Uploaded image for project: 'Aurora'
  1. Aurora
  2. AURORA-1781

Sandbox taskfs setup fails (groupadd error)

    Details

    • Type: Bug
    • Status: Open
    • Priority: Major
    • Resolution: Unresolved
    • Affects Version/s: 0.16.0
    • Fix Version/s: None
    • Component/s: Docker, Executor
    • Labels:
      None

      Description

      I hit what smells like a permission issue w/ `/etc/group` when trying to use a docker-image (unified containerizer setup) with mesos-1.0.0. and aurora-0.16.0-rc2. I cannot reproduce issue w/ mesos-0.28.2 and aurora-015.0.

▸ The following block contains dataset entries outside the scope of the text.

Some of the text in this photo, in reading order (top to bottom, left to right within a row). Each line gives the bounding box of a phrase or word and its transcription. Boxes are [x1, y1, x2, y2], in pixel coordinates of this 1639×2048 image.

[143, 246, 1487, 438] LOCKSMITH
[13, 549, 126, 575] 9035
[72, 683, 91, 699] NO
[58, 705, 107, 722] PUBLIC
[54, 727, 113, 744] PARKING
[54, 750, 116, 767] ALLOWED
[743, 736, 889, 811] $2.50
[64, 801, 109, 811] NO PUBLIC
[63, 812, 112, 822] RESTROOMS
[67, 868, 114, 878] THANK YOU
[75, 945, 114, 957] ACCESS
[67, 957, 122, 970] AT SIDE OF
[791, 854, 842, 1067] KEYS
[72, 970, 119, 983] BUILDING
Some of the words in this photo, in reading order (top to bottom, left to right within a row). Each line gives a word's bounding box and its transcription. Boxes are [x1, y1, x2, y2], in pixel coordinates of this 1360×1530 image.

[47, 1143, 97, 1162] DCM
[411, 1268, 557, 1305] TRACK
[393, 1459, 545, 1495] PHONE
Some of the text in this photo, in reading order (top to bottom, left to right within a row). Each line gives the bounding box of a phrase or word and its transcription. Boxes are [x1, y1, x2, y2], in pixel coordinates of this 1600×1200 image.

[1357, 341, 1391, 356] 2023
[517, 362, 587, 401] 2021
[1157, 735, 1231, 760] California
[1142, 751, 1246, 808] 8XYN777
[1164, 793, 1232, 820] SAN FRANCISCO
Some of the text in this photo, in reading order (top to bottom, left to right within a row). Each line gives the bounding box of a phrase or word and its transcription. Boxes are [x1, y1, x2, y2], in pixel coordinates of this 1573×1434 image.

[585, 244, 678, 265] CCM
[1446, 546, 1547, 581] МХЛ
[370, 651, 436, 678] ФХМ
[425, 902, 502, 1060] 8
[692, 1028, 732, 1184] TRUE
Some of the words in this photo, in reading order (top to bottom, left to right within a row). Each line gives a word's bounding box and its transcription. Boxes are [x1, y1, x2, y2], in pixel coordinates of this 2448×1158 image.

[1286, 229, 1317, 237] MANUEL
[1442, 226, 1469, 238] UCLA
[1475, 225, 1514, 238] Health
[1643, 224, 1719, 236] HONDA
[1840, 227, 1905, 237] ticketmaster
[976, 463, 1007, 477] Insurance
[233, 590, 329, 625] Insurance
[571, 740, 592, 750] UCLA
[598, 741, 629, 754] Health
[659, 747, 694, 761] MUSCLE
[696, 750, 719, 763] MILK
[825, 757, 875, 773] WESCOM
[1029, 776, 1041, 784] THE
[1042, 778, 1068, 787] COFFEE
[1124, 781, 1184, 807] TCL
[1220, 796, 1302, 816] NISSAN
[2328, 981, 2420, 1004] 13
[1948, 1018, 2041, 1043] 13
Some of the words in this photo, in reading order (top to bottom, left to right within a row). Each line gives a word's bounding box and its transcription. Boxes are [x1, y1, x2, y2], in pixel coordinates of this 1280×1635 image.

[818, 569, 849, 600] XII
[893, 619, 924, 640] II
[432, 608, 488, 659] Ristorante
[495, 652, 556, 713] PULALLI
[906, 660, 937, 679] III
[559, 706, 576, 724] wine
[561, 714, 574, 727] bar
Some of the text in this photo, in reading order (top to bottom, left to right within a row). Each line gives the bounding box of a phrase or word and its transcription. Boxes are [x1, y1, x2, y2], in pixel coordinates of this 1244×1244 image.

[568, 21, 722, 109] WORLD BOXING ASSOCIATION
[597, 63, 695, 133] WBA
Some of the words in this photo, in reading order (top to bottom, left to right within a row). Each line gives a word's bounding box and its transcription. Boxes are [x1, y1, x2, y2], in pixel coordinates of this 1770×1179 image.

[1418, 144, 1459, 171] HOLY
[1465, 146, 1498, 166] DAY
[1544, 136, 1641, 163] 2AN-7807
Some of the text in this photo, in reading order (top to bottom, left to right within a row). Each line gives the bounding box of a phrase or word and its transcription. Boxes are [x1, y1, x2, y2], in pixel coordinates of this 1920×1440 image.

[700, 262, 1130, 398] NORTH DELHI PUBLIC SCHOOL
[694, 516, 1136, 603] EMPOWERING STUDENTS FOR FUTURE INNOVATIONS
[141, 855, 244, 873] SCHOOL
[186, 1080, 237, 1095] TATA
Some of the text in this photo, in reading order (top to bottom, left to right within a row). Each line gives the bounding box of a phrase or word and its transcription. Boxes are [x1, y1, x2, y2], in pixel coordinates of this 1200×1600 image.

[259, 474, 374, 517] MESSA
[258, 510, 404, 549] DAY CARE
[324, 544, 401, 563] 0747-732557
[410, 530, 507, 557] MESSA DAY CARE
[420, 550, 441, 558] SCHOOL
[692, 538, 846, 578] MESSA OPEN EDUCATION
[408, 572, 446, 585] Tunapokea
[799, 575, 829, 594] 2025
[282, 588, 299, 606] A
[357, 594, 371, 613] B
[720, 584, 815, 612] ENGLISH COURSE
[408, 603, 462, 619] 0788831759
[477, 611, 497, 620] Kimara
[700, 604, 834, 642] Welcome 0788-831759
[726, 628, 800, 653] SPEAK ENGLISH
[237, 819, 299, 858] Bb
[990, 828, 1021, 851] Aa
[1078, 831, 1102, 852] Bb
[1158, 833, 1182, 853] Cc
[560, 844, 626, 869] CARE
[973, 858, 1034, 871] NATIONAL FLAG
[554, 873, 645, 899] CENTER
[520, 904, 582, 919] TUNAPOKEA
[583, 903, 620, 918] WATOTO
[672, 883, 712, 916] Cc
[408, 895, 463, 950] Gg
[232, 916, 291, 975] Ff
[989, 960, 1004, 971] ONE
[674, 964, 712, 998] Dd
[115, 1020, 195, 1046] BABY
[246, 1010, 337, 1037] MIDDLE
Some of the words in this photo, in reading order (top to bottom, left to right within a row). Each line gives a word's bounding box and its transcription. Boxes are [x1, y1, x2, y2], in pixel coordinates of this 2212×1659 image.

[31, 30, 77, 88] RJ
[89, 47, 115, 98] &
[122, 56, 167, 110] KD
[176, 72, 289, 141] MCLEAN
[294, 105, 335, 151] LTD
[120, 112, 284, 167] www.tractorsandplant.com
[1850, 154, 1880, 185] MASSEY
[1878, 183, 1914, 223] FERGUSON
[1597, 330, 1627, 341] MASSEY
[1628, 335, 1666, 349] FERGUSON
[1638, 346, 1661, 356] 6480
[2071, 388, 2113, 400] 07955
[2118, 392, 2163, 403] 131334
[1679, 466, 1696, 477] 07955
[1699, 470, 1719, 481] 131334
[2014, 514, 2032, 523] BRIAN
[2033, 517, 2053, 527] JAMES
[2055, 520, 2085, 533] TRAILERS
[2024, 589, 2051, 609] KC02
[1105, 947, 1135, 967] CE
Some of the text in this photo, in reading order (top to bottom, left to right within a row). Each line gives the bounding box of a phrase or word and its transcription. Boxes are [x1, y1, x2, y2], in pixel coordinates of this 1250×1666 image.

      Failed to initialize sandbox: Failed to create group in sandbox for task image: Command '['groupadd', '-R', '/var/lib/mesos/slaves/5d28d0cc-2793-4471-82d5-e67276c53f70-S2/frameworks/20160221-001235-3801519626-5050-1-0000/executors/thermos-nobody-prod-jenkins-0-47cc7824-565b-4265-9ab4-9ba3f364ebed/runs/a3f78288-4865-4166-8685-1ad941562f2f/taskfs', '-g', '99', 'nobody']' returned non-zero exit status 10
      
      [root@mesos-master01of2 taskfs]# pwd
      /var/lib/mesos/slaves/5d28d0cc-2793-4471-82d5-e67276c53f70-S2/frameworks/20160221-001235-3801519626-5050-1-0000/executors/thermos-nobody-prod-jenkins-0-47cc7824-565b-4265-9ab4-9ba3f364ebed/runs/a3f78288-4865-4166-8685-1ad941562f2f/taskfs
      [root@mesos-master01of2 taskfs]# groupadd -R $PWD -g 99 nobody
      groupadd: cannot lock /etc/group; try again later.
      

      Maybe related to AURORA-1761

      I'm running CoreOS with the mesos-agent (and thermos) inside docker. Here is the gist of how it's started.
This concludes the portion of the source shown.